* [Exercise objective]
Every picture should be left out, but the lines below must be repeated exactly.

▼

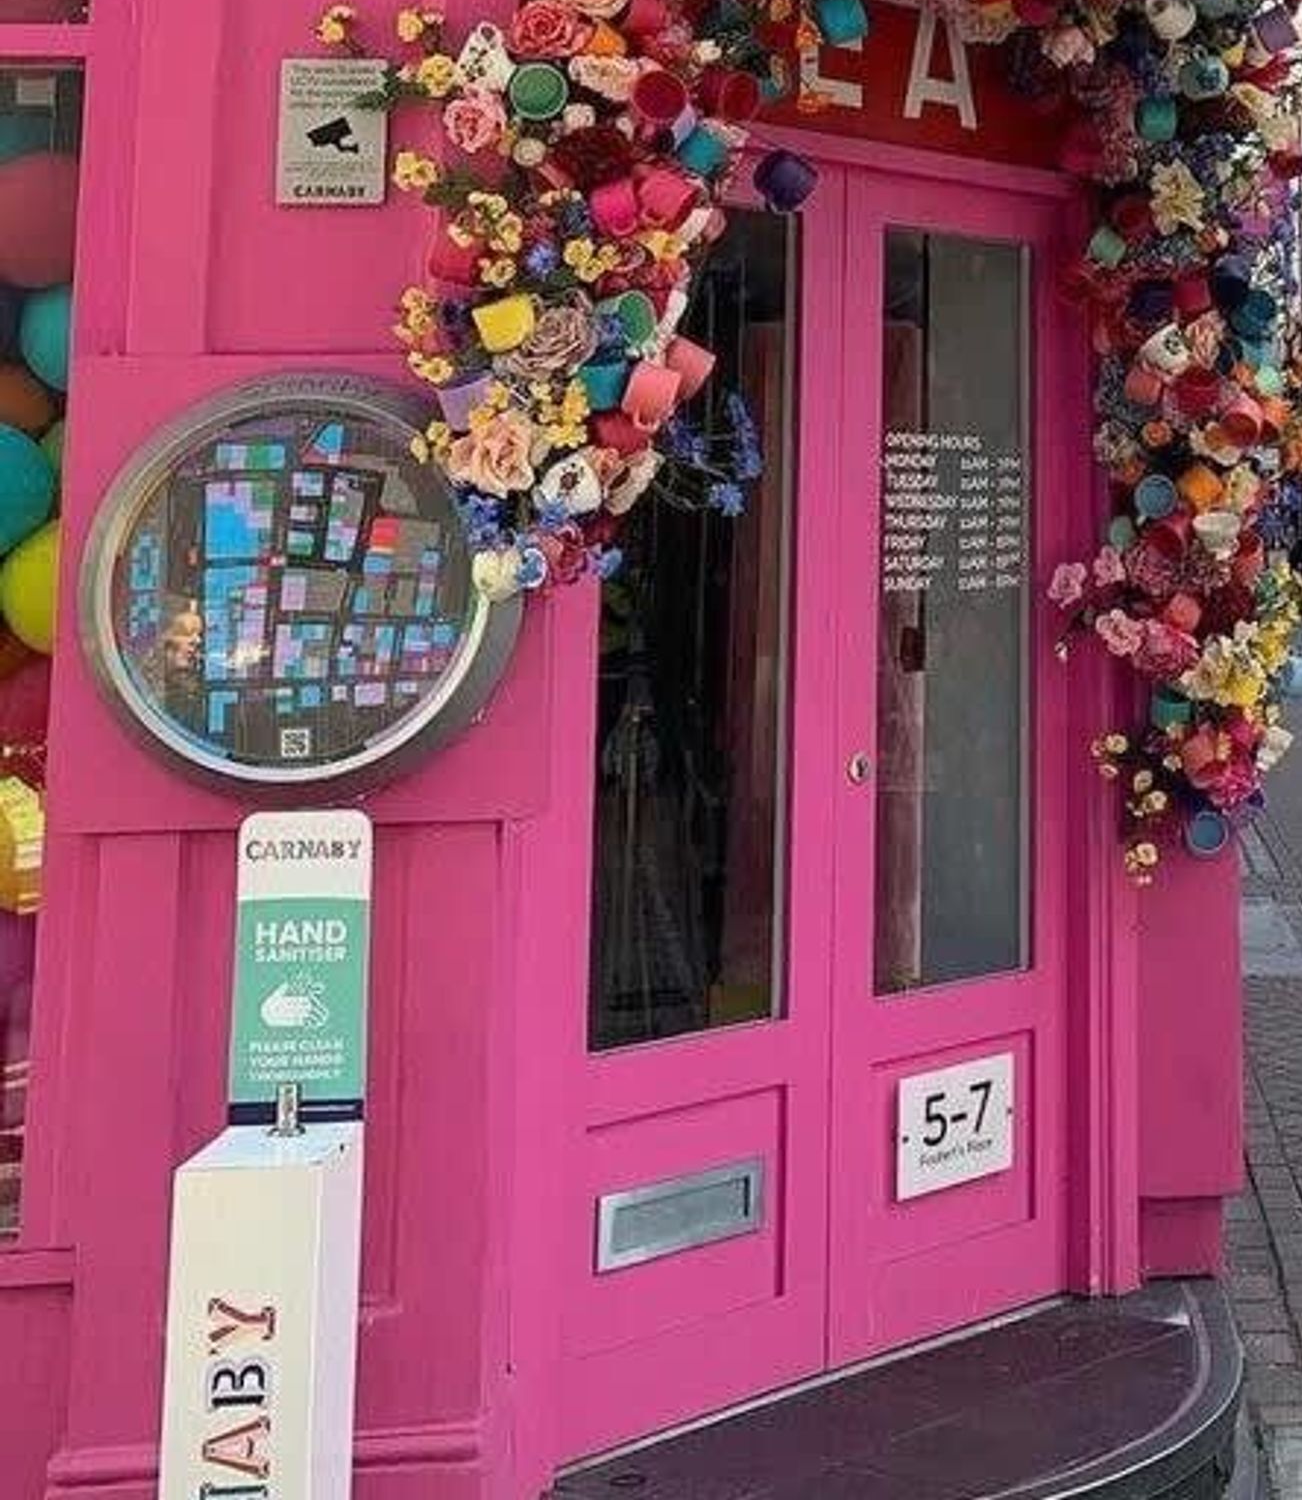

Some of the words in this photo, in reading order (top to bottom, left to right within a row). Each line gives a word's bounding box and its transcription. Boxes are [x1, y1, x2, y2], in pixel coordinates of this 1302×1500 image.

[292, 184, 366, 199] CARNABY
[884, 432, 939, 448] OPENING
[940, 436, 983, 451] HOURS
[884, 453, 938, 469] MONDAY
[886, 474, 939, 488] TUESDAY
[884, 494, 958, 509] WEDNESDAY
[884, 515, 947, 529] THURSDAY
[884, 536, 926, 550] FRIDAY
[884, 556, 945, 570] SATURDAY
[884, 576, 932, 591] SUNDAY
[246, 838, 363, 863] CARNABY
[254, 919, 347, 945] HAND
[254, 946, 348, 963] SANITISER
[298, 1037, 344, 1051] CLEAN
[248, 1055, 289, 1067] YOUR
[291, 1053, 344, 1066] HANDS
[922, 1079, 993, 1147] 5-7
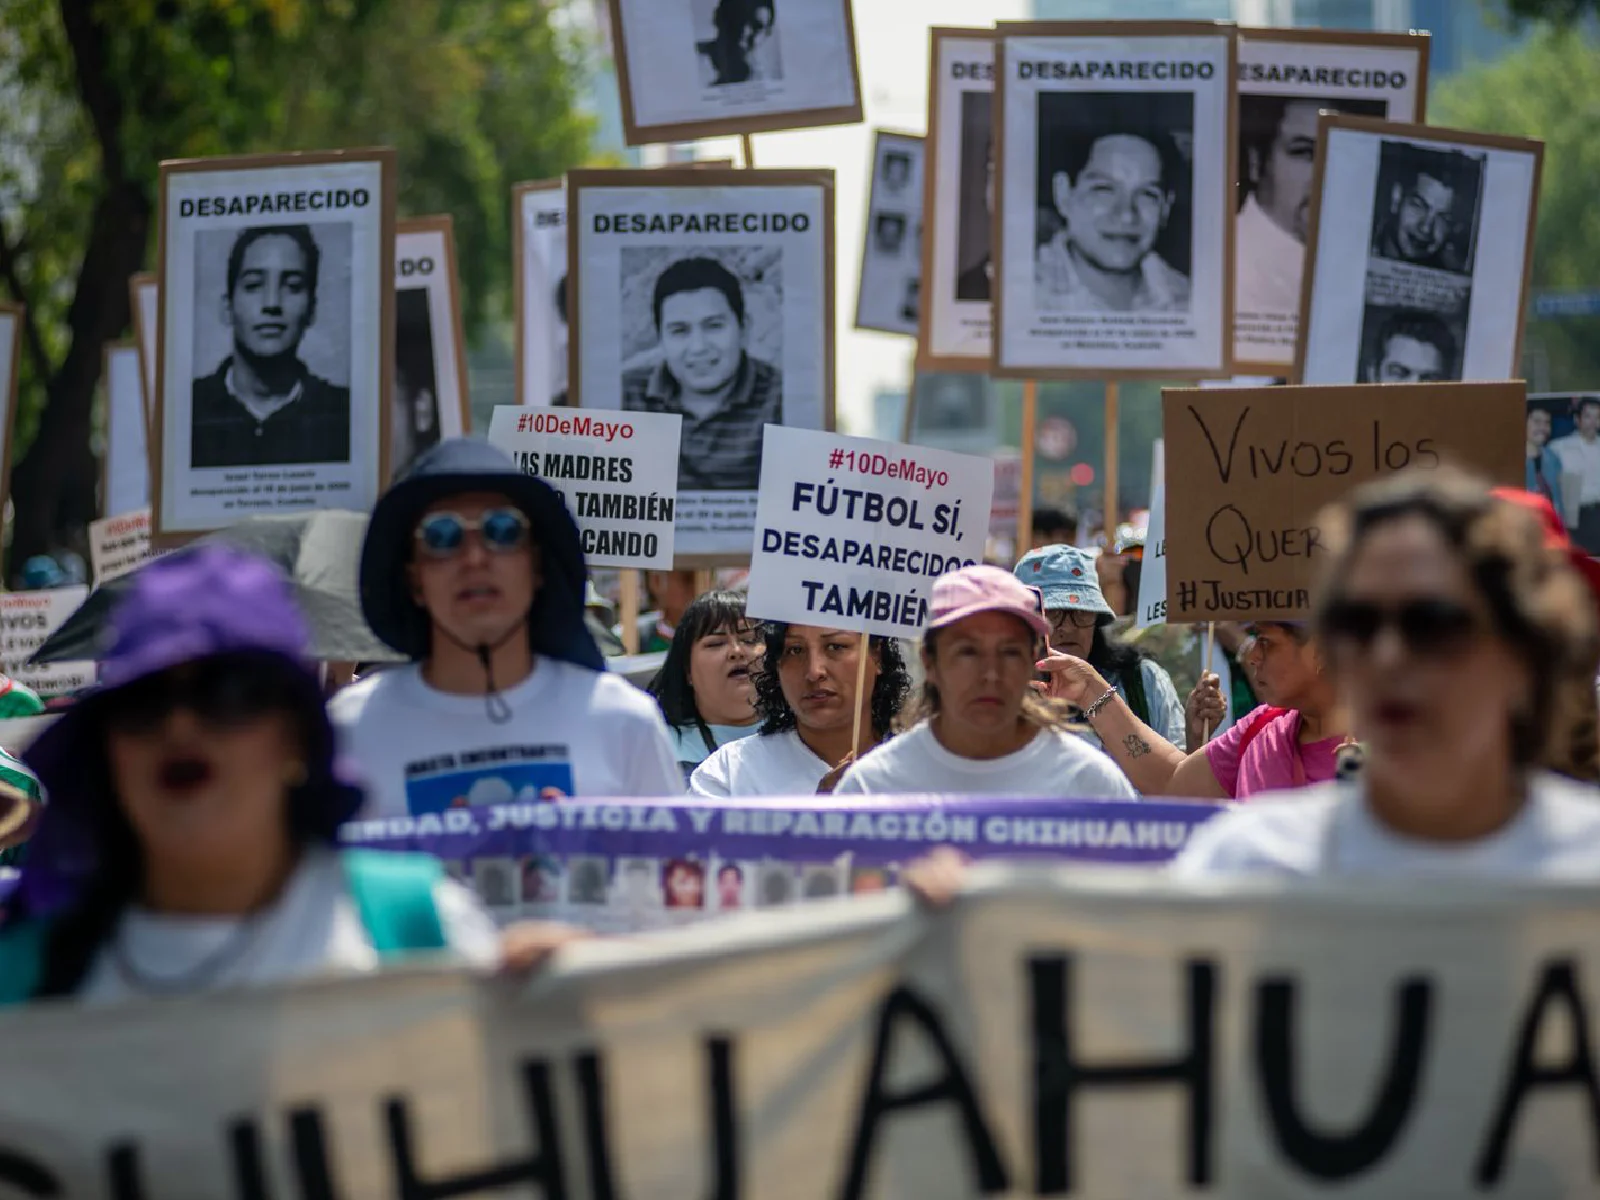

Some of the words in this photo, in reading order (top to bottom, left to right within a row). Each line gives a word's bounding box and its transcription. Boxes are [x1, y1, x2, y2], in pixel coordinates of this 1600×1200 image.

[1017, 60, 1214, 80] DESAPARECIDO
[180, 188, 370, 218] DESAPARECIDO
[592, 212, 810, 233] DESAPARECIDO
[517, 413, 634, 441] #10DeMayo
[543, 453, 633, 483] MADRES
[829, 449, 949, 489] #10DeMayo
[575, 492, 674, 522] TAMBIÉN
[792, 478, 924, 531] FÚTBOL
[932, 499, 964, 541] SÍ,
[580, 528, 658, 558] CANDO
[338, 808, 479, 843] ERDAD,
[488, 804, 676, 832] JUSTICIA
[688, 811, 715, 832] Y
[722, 808, 975, 843] REPARACIÓN
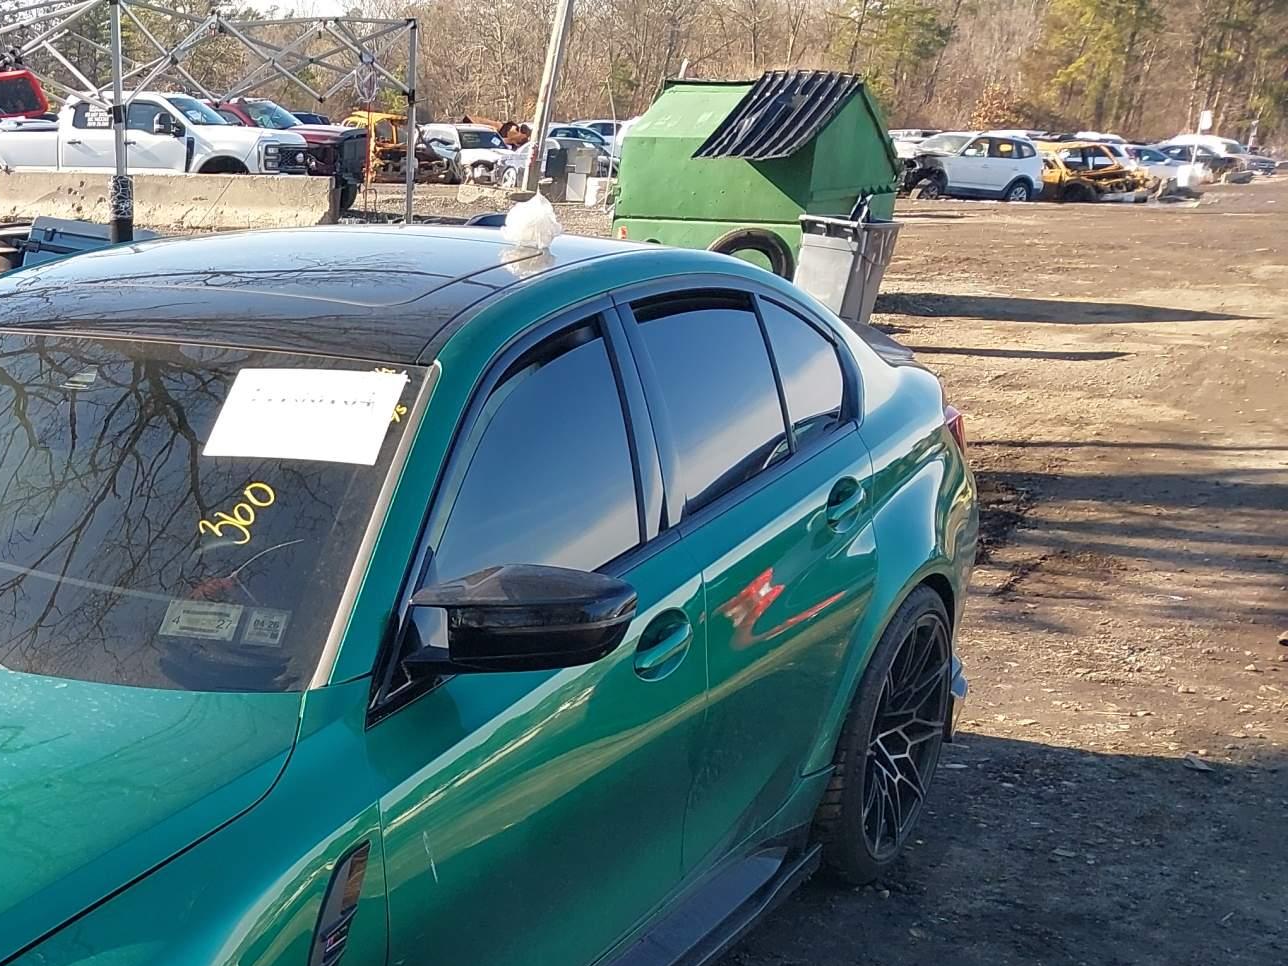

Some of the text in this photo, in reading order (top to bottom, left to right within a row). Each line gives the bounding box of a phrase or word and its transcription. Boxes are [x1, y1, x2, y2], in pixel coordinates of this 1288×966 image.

[198, 482, 275, 545] 360
[172, 615, 181, 625] 4
[215, 619, 233, 630] 27

▲

* [Exercise answer]
Some of the words in this photo, in reading order (top to bottom, left to right within a row). Each line gives a word's bounding box and its transcription. Boxes are [x1, y1, x2, y2], in pixel coordinates of this 1302×1500 image.

[292, 184, 366, 199] CARNABY
[884, 432, 939, 448] OPENING
[940, 436, 983, 451] HOURS
[884, 453, 938, 469] MONDAY
[886, 474, 939, 488] TUESDAY
[884, 494, 958, 509] WEDNESDAY
[884, 515, 947, 529] THURSDAY
[884, 536, 926, 550] FRIDAY
[884, 556, 945, 570] SATURDAY
[884, 576, 932, 591] SUNDAY
[246, 838, 363, 863] CARNABY
[254, 919, 347, 945] HAND
[254, 946, 348, 963] SANITISER
[298, 1037, 344, 1051] CLEAN
[248, 1055, 289, 1067] YOUR
[291, 1053, 344, 1066] HANDS
[922, 1079, 993, 1147] 5-7

Some of the words in this photo, in reading order (top to bottom, left to right within a row). Each line gives a word's bounding box and its transcription. Boxes are [x1, y1, x2, y2], in pixel coordinates of this 1600×1200 image.

[1017, 60, 1214, 80] DESAPARECIDO
[180, 188, 370, 218] DESAPARECIDO
[592, 212, 810, 233] DESAPARECIDO
[517, 413, 634, 441] #10DeMayo
[543, 453, 633, 483] MADRES
[829, 449, 949, 489] #10DeMayo
[575, 492, 674, 522] TAMBIÉN
[792, 478, 924, 531] FÚTBOL
[932, 499, 964, 541] SÍ,
[580, 528, 658, 558] CANDO
[338, 808, 479, 843] ERDAD,
[488, 804, 676, 832] JUSTICIA
[688, 811, 715, 832] Y
[722, 808, 975, 843] REPARACIÓN

Some of the text in this photo, in reading order (top to bottom, left to right within a row). Each line gives the bounding box of a phrase or word and its transcription. Boxes are [x1, y1, x2, y2], in pixel coordinates of this 1288×966 image.

[198, 482, 275, 545] 360
[172, 615, 181, 625] 4
[215, 619, 233, 630] 27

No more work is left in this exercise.